Like Systems/Comment “Picks”
Highlighting High-quality Content as a Moderation Strategy: The Role of New York Times Picks in Comment Quality and Engagement found in 2022 that comment “picks” by the moderators under politically charged news publications in NYT, lead to more fruitful deliberations
Rationale: Corporate Wiki Users: Results of a Survey studied that one of the reasons why corporations use “inside” wikis is if they believe it increases their credibility. Thus, if Ethosfera’s Seed maintains a highly professionalized image, with thoughtful contributing comments, our retention rate will be higher.

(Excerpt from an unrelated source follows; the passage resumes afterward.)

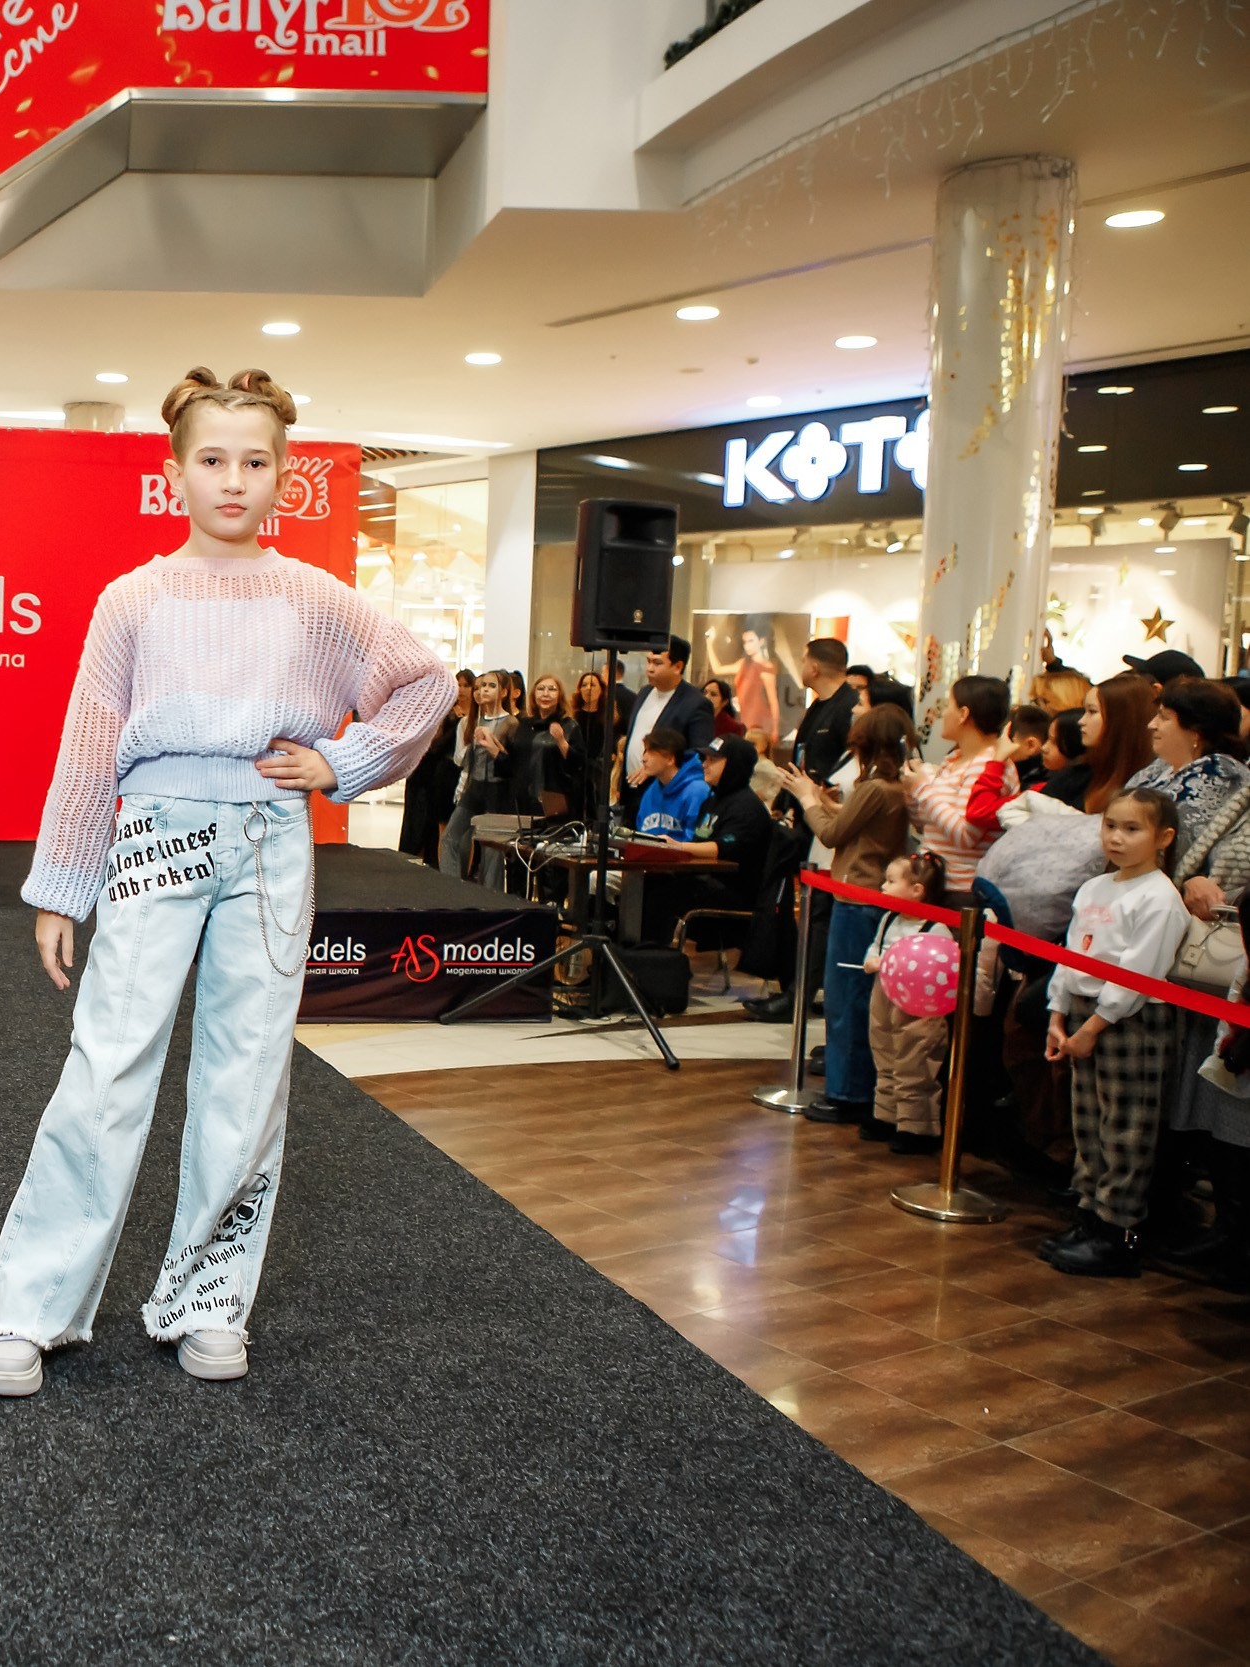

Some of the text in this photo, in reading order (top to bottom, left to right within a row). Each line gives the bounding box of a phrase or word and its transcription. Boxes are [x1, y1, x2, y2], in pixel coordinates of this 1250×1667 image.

[303, 30, 387, 57] mall
[390, 934, 535, 983] AS models

A way to signal what is a “good,” or “thoughtful”, or “professional” contribution could be through picks
Community Guidelines
(similar to those of subreddits)
A set of rules on what the expectations of the community is, central goal + a code of conduct
Point: professional + the space to explain the Chatham House Rules that Ethosfera follows.
Communicating Safety
Currently, to make a Seed account, the only safety feature to ensure ownership of the account is the passkey which requires biometrics
Despite the fact that there is an option to learn more about how “passkey” functions, said information is linked to a lengthy (but informative) page on GitHub
To decrease the likelihood of newcomers being deterred (fearing for how their data is processed), we could add a brief notification when the user is about to create their passkey: “Seed Hypermedia does not store your biometric information.” and add one more sentence that simplifies the process of how Seed uses said data. Suggestions: only your local device stores your data; Seed uses an encrypted version, etc.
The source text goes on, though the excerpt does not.